Every year since 1979 Berlin has celebrated Christopher Street Day in the second half of July to commemorate the Stonewall Riots in Christopher Street, New York, on 27 July 1969. However, the public discourse around LGBTQ+ rights preceded the Stonewall Riots by almost a century, as the political movement for LGBTQ+ rights arose in Germany in the late nineteenth and early twentieth centuries. Today Berlin is known for its diversity and celebration of the LGBTQ+ community, but the history of LGBTQ+ activism in Berlin extends back over a century and is in equal parts revolutionary and tragic.
The forgotten history of nineteenth century queer activism reveals that Berlin was the site of historic research, activism, and progress for LGBTQ+ rights. The first gay journal, The Self-Owning (Der Eigene) was published in Berlin from 1896 to 1932. The world’s first gay rights demonstration took place in Berlin in 1922, and homosexuality was nearly decriminalized by the Reichstag in 1929. The first LGBT rights organization in history, the Scientific-Humanitarian Committee (Wissenschaftlich-humanitäres Komitee) was founded in Berlin by Magnus Hirschfeld on 15 May 1897. In 1919 Hirschfeld founded the Institute for Sexology (Institut für Sexualwissenschaft) in Tiergarten, which pioneered research on trans identity. Tragically, most of this pioneering research was lost when the Institute was sacked by the Nazis, and its archives were destroyed in book burnings in 1933. Today the burning of the Institute of Sexology’s library is memorialized by a memorial in Bebelplatz by Micha Ullman called ‘The Empty Library’, which symbolizes the 20,000 books burned on that site.
Berlin’s historic queer culture experienced a revival in the 1970s, after homosexuality was decriminalized in East Germany in 1968 and in West Germany in 1969. Schwuz, an alternative gay nightclub that opened in 1977, also publishes Siegessäule, Berlin’s largest-circulation city magazine and the largest European magazine aimed for the LGBTQ+ community. The gay club scene, which emcompasses everything from techno fetish to drag queen ballrooms, has since expanded from the world’s first gay neighbourhood in Schӧneberg, and the LGBTQ+ scene thrives in Kreuzberg, Neukӧlln, and Prenzlauer Berg, among other places. The rich history of Berlin’s queer culture that continues to thrive to this day is documented at the Schwules Museum, which opened in 1985 and was the first museum in the world dedicated to gay history.
In the relative liberalism of the Weimar Republic, Berlin had a vibrant queer scene in the area surrounding Nollendorfplatz in Schӧneberg, just a stone’s throw from keylight’s Berlin headquarters. Schӧneberg is also the birthplace of queer icon Marlene Dietrich, who frequented gay clubs and drag bars with other cabaret contemporaries such as Claire Waldoff. Fortunately it is the legacy of this period of Berlin’s queer history that endures, and today keylight has the privilege to be headquartered in Europe’s historic queer capital. As traditional parades and events celebrating Pride have been cancelled as a result of the ongoing pandemic, Berlin will have to find new ways to celebrate Pride. This year we at keylight are reflecting on Berlin’s complicated queer history to find ways in which we can reaffirm the rights of all LGBTQ+ people, and renew our commitment to being a safe and inclusive workplace.
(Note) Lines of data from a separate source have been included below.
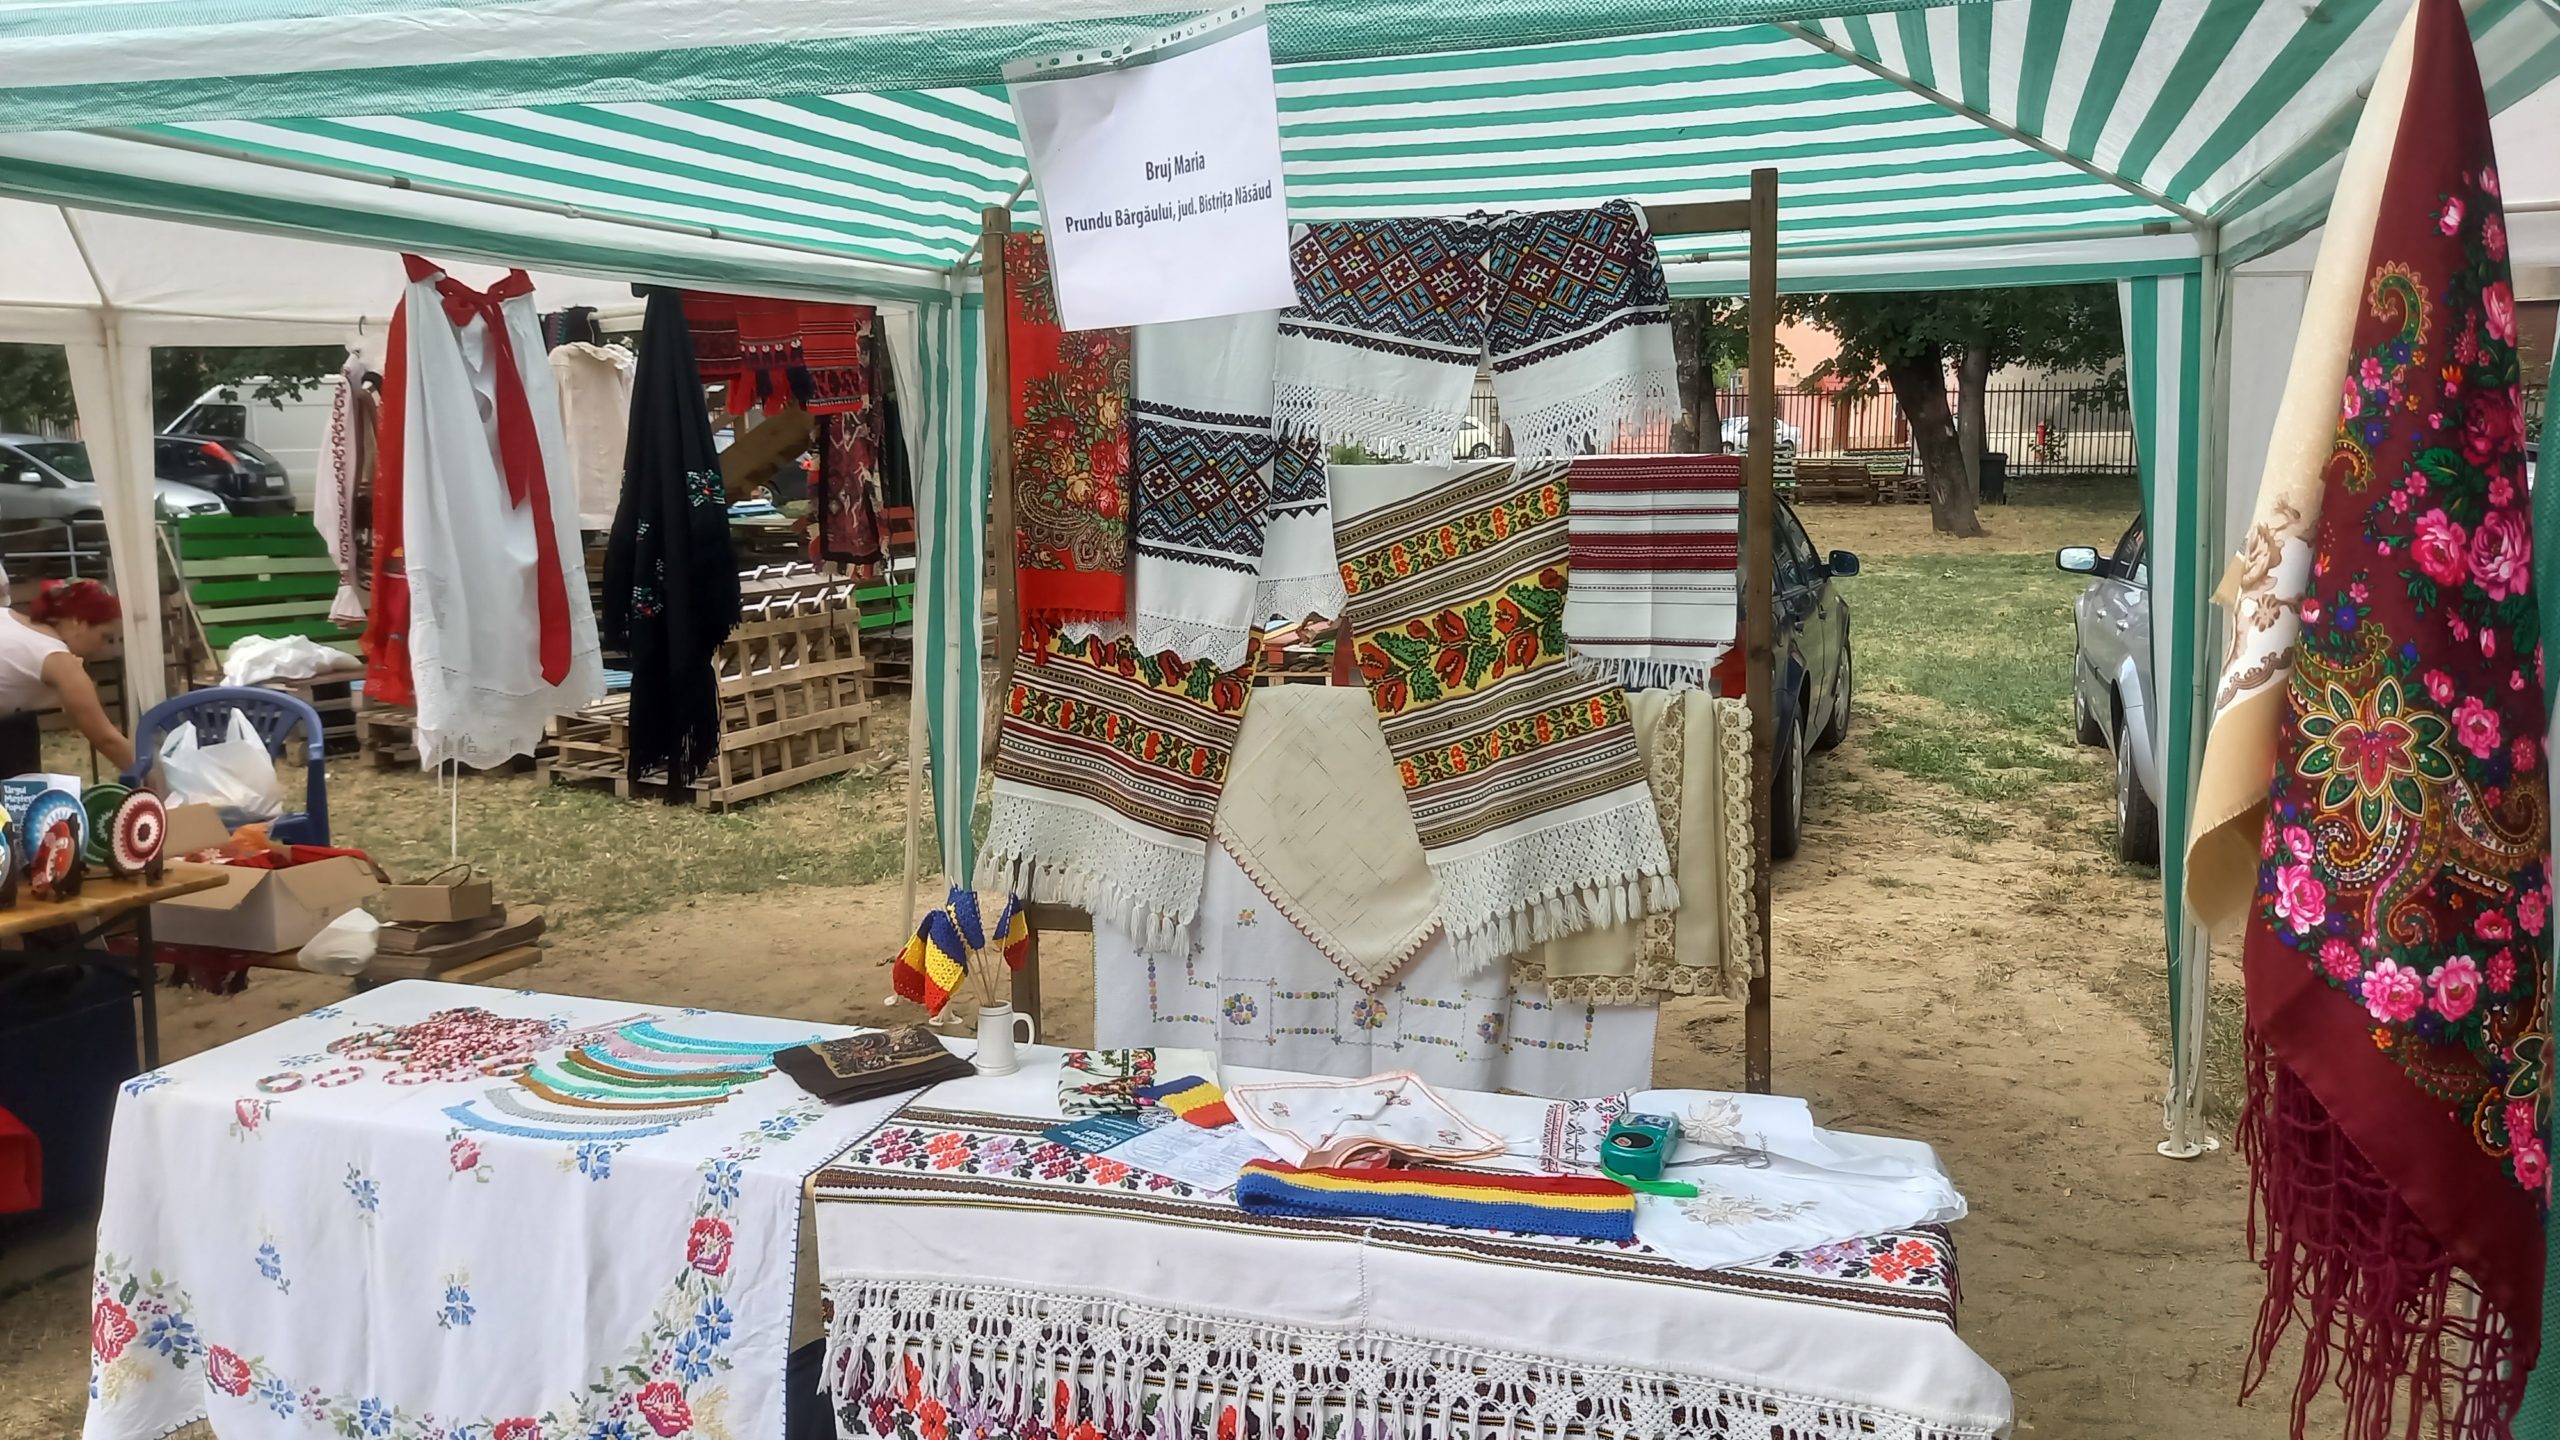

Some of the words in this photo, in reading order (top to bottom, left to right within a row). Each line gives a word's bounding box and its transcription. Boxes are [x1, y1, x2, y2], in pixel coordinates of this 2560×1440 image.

[1145, 157, 1172, 182] Bruj
[1174, 151, 1205, 175] Maria
[1065, 211, 1112, 233] Prundu
[1114, 202, 1176, 229] Bârgăului,
[1178, 197, 1197, 222] jud.
[1235, 179, 1272, 205] Năsăud
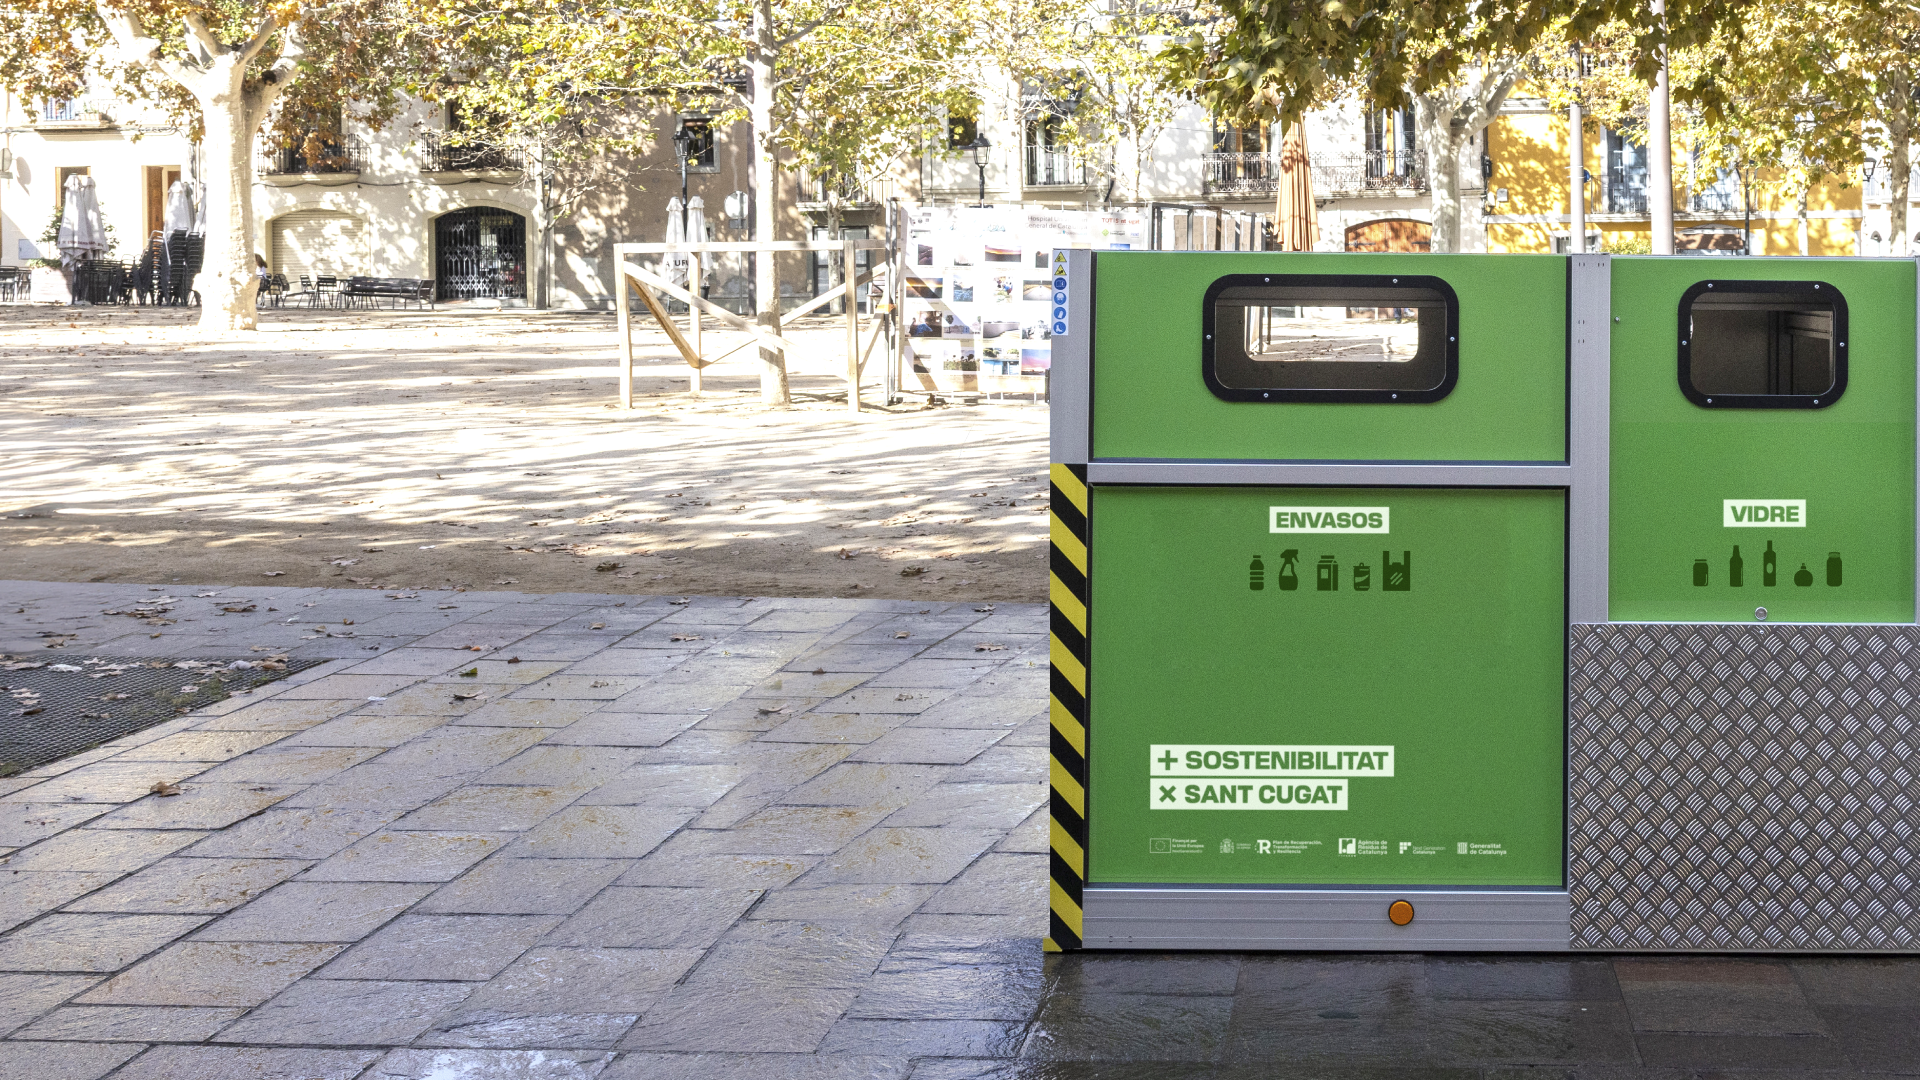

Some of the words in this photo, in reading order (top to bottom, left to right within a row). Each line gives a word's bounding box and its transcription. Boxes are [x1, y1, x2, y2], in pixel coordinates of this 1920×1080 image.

‘keylight is proud to be part of Berlin’s hugely successful tech start-up scene, which thrives in inclusivity and diversity. This year the world has had to reimagine what it means to celebrate Pride, and we are taking this opportunity to listen to calls for justice within the community and consider the ways in which we can celebrate and stand in solidarity with the LGBTQ+ community.’ - Marco Sarich, CEO.
This year keylight is celebrating Pride with a Movie Night event, where we will watch the 2016 film Moonlight. Moonlight was the first LGBTQ+-themed film and first film with an all-Black cast to win the Best Picture Oscar. In addition to celebrating Pride and listening to calls for justice from the recent social movements from the global Black community, it is also important for all of us to consider the lives of people who exist in multiple marginalized groups and the ways in which homophobia is reinforced by other forms of systemic oppression, such as racism and sexism.